**Excerpted records**
****************

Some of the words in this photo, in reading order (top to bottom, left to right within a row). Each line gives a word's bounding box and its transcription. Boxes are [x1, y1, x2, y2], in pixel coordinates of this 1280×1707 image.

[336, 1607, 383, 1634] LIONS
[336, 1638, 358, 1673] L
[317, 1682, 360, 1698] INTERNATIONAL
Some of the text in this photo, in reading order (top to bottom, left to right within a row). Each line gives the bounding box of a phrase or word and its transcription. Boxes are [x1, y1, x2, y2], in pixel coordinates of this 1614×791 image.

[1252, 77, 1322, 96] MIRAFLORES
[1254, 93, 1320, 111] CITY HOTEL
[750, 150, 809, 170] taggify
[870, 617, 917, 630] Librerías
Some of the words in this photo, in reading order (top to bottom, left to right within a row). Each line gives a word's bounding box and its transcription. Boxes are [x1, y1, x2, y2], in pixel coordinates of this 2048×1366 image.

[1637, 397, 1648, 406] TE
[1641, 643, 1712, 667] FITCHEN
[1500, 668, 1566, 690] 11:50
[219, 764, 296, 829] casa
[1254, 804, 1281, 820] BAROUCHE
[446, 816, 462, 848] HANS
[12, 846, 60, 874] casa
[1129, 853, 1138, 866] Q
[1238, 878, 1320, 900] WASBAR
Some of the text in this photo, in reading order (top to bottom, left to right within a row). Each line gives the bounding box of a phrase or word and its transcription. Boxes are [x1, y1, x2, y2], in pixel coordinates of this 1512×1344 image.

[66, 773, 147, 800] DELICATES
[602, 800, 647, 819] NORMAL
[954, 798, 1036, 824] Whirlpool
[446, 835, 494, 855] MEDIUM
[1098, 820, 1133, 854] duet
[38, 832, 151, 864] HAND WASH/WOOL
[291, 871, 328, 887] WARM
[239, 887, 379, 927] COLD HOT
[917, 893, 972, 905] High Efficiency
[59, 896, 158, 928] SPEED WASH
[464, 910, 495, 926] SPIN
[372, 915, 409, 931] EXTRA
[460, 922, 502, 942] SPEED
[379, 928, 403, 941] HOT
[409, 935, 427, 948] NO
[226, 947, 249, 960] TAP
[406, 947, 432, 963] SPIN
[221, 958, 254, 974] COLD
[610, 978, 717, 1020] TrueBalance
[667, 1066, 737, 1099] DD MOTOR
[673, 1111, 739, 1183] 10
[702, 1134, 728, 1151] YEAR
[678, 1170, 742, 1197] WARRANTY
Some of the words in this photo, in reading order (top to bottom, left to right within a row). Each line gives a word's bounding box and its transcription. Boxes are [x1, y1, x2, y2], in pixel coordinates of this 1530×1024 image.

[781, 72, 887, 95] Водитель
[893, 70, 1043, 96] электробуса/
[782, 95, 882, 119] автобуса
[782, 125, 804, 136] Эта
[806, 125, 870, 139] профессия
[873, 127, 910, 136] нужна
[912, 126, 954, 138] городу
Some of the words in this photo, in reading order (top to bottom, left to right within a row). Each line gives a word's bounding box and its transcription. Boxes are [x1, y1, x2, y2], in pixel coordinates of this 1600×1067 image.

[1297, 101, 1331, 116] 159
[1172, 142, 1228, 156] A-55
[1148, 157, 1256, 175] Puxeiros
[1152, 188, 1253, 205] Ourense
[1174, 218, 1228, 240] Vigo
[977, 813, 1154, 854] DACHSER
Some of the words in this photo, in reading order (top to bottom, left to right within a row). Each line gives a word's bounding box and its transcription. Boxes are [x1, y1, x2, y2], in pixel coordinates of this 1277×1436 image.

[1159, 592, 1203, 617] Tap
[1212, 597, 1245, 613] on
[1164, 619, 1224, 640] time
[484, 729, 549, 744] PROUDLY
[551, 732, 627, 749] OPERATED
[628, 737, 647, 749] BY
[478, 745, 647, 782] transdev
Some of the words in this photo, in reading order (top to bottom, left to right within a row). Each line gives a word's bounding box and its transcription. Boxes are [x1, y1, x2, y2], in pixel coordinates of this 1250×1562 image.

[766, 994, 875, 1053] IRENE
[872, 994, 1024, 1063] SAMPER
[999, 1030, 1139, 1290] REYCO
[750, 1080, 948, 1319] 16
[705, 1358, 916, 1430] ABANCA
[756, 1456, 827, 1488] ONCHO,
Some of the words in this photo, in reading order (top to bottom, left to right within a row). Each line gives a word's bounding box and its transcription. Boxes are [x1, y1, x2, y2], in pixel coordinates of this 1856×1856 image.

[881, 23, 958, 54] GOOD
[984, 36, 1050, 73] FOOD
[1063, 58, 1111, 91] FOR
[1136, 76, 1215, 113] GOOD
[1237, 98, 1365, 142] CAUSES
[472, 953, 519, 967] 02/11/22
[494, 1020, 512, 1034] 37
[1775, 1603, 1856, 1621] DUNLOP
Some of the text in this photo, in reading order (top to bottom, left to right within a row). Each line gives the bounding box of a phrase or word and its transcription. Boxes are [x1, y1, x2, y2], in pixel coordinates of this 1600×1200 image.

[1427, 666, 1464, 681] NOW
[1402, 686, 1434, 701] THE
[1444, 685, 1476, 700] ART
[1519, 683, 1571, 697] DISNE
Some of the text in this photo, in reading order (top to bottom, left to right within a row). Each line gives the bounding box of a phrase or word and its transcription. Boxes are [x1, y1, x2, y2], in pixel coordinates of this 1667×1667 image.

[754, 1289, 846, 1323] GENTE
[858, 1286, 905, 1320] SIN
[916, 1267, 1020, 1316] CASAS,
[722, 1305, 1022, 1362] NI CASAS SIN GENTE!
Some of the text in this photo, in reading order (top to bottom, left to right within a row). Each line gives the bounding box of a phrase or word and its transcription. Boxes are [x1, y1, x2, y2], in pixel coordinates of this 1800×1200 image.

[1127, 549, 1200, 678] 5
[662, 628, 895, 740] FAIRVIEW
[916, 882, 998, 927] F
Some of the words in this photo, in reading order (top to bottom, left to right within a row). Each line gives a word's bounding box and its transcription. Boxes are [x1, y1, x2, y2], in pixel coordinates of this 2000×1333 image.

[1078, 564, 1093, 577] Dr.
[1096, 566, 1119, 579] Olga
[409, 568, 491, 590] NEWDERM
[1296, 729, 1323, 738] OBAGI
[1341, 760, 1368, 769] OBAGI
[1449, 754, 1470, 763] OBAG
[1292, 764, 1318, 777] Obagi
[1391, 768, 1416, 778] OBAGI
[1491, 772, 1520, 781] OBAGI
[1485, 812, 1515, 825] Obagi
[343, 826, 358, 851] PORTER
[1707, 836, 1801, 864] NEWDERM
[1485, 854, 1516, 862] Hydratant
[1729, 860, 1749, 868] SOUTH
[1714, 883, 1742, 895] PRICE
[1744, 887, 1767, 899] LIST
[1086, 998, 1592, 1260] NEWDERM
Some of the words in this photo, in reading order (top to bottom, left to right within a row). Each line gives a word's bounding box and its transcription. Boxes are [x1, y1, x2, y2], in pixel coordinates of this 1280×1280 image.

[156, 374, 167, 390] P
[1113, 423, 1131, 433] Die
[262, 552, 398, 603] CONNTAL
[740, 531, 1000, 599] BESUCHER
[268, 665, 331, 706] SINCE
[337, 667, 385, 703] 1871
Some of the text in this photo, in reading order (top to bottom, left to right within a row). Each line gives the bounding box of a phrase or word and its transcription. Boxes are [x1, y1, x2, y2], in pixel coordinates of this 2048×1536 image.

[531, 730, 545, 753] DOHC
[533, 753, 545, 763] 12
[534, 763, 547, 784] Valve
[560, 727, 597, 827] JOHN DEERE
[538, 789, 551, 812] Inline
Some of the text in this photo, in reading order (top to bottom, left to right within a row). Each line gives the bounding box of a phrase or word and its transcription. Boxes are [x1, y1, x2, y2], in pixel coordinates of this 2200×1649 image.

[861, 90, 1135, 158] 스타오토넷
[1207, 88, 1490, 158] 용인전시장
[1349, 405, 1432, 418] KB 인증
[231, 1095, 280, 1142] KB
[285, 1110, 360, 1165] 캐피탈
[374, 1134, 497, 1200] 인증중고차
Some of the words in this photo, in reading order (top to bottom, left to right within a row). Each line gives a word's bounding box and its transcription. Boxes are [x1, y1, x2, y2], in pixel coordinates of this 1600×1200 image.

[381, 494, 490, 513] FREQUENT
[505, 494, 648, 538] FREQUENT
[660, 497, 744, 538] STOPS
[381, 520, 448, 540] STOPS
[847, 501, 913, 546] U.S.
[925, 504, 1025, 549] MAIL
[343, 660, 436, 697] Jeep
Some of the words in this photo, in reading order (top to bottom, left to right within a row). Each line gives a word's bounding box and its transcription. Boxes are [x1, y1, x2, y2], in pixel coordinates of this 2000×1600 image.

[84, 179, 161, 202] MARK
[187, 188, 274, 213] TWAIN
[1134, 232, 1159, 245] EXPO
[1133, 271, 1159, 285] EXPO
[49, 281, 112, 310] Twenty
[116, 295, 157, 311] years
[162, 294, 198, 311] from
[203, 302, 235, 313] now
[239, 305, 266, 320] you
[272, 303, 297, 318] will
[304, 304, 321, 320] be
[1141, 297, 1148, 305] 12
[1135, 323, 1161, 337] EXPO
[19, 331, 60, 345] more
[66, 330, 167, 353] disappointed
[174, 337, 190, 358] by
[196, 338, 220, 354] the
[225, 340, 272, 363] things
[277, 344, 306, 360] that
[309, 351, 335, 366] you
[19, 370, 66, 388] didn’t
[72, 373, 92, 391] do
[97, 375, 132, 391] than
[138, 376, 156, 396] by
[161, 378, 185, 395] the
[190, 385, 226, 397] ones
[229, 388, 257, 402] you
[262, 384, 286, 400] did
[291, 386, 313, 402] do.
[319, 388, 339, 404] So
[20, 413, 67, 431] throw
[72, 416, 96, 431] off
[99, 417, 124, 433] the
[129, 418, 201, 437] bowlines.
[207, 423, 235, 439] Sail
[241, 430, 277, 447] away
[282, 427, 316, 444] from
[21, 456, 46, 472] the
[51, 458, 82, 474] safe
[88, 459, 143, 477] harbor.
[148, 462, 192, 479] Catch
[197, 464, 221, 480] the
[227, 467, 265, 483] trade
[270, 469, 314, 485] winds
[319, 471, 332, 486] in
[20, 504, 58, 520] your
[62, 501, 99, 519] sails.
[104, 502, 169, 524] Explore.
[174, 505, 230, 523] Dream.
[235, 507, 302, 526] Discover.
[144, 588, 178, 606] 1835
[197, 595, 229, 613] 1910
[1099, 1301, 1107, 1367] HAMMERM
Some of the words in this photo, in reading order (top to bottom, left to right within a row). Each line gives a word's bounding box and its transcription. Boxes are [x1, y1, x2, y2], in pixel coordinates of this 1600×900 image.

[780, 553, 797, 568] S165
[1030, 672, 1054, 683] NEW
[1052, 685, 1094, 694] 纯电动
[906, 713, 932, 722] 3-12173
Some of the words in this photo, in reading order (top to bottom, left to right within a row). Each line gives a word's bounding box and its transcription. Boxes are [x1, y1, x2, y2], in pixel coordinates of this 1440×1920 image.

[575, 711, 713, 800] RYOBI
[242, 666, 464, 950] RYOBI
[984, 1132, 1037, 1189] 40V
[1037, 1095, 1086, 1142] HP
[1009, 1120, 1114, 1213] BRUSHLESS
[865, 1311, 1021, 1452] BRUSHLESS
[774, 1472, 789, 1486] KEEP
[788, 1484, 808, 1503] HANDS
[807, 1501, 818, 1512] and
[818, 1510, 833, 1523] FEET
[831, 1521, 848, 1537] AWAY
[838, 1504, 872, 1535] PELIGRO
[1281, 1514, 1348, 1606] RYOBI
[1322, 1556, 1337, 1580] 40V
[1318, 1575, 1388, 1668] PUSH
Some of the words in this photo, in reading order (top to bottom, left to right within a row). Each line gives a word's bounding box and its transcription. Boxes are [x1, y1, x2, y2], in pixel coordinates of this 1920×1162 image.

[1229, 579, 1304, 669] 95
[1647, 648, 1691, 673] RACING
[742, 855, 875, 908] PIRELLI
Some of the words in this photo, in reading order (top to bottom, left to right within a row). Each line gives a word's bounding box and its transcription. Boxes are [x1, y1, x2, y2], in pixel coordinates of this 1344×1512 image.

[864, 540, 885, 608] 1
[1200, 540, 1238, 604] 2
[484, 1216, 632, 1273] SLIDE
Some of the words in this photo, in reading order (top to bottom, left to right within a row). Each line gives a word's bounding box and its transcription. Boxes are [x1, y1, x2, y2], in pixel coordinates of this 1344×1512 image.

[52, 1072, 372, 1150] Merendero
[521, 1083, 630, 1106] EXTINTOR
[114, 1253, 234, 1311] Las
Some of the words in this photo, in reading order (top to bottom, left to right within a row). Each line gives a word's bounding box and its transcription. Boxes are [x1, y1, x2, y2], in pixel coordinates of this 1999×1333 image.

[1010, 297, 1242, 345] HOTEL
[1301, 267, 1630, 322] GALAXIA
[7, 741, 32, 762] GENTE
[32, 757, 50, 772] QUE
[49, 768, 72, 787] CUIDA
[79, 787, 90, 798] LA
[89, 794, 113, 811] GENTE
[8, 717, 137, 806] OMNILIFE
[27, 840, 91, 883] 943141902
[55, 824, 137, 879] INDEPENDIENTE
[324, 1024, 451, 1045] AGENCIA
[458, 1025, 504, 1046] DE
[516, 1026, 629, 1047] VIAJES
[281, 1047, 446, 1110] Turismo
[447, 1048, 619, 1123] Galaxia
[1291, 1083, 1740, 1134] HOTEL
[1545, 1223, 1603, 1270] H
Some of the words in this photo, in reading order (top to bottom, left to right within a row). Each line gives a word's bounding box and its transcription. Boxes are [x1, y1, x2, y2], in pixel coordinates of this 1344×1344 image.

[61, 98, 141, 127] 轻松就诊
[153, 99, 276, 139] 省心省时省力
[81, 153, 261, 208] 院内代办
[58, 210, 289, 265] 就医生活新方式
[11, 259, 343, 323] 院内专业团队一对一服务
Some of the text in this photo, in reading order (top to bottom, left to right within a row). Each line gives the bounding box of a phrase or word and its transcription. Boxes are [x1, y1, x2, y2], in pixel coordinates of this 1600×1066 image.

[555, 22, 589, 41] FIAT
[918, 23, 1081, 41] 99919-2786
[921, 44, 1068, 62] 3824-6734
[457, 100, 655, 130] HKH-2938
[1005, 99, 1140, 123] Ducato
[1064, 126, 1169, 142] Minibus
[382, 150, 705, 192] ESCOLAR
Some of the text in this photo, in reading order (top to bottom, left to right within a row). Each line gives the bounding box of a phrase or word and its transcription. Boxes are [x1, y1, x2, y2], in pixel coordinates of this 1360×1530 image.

****************

**Problem**
The expected answer is a word-for-word copy of every line from the one that contains "this 1600×1066 image." through the final line of the material.

**Exercise result**
Some of the text in this photo, in reading order (top to bottom, left to right within a row). Each line gives the bounding box of a phrase or word and its transcription. Boxes are [x1, y1, x2, y2], in pixel coordinates of this 1600×1066 image.

[555, 22, 589, 41] FIAT
[918, 23, 1081, 41] 99919-2786
[921, 44, 1068, 62] 3824-6734
[457, 100, 655, 130] HKH-2938
[1005, 99, 1140, 123] Ducato
[1064, 126, 1169, 142] Minibus
[382, 150, 705, 192] ESCOLAR
Some of the text in this photo, in reading order (top to bottom, left to right within a row). Each line gives the bounding box of a phrase or word and its transcription. Boxes are [x1, y1, x2, y2], in pixel coordinates of this 1360×1530 image.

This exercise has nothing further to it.